┌──
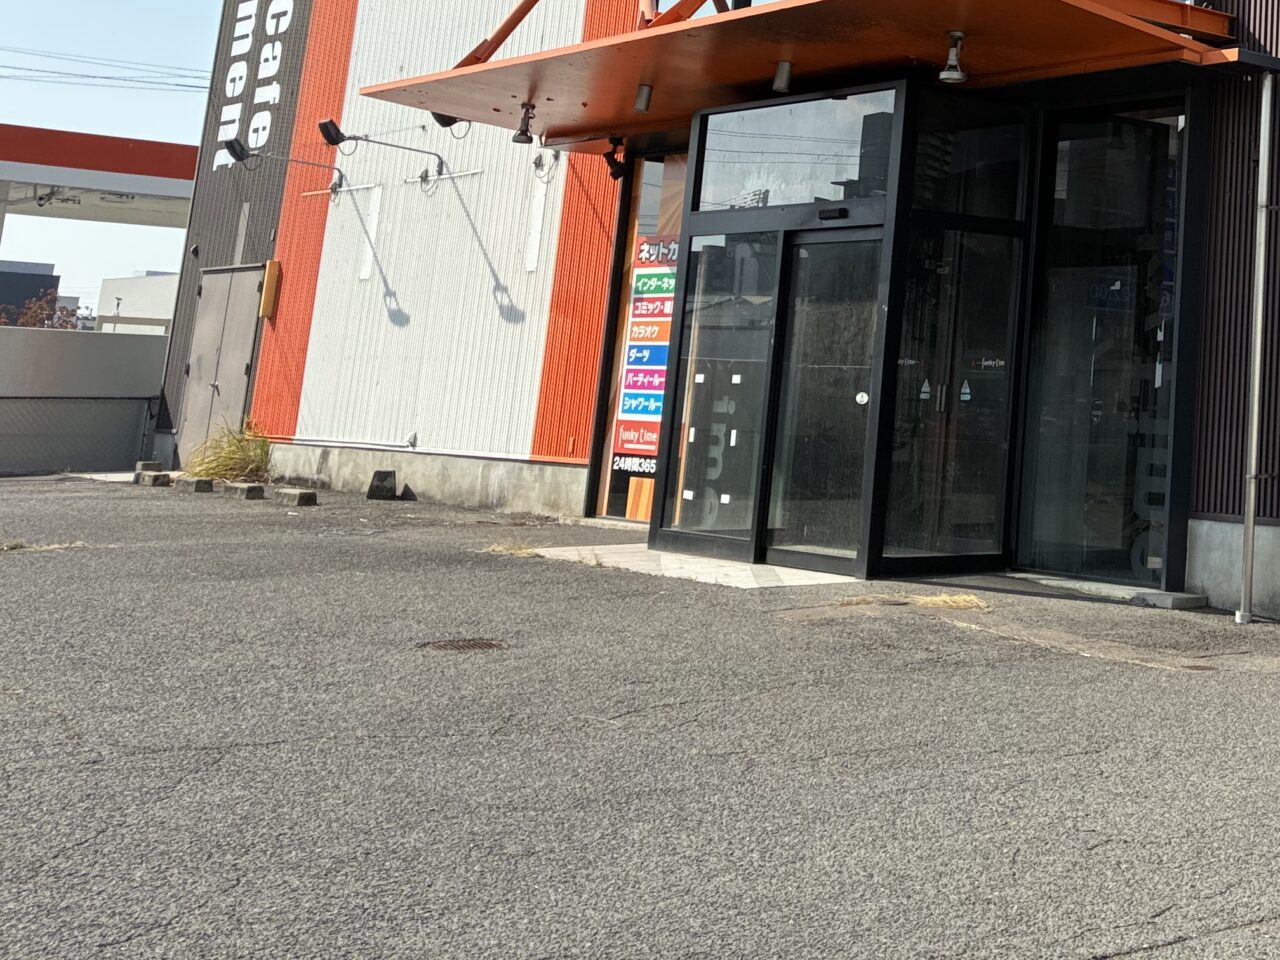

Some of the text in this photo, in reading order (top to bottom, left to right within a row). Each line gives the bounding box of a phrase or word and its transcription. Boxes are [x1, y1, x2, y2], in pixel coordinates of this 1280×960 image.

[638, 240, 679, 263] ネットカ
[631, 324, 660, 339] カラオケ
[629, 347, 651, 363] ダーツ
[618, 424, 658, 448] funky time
└──
Reproduce, word for word, everything in the listing above except the pictures.

_Problem solution_.
Some of the text in this photo, in reading order (top to bottom, left to right within a row). Each line gives the bounding box of a phrase or word and its transcription. Boxes are [x1, y1, x2, y2], in pixel coordinates of this 1280×960 image.

[638, 240, 679, 263] ネットカ
[631, 324, 660, 339] カラオケ
[629, 347, 651, 363] ダーツ
[618, 424, 658, 448] funky time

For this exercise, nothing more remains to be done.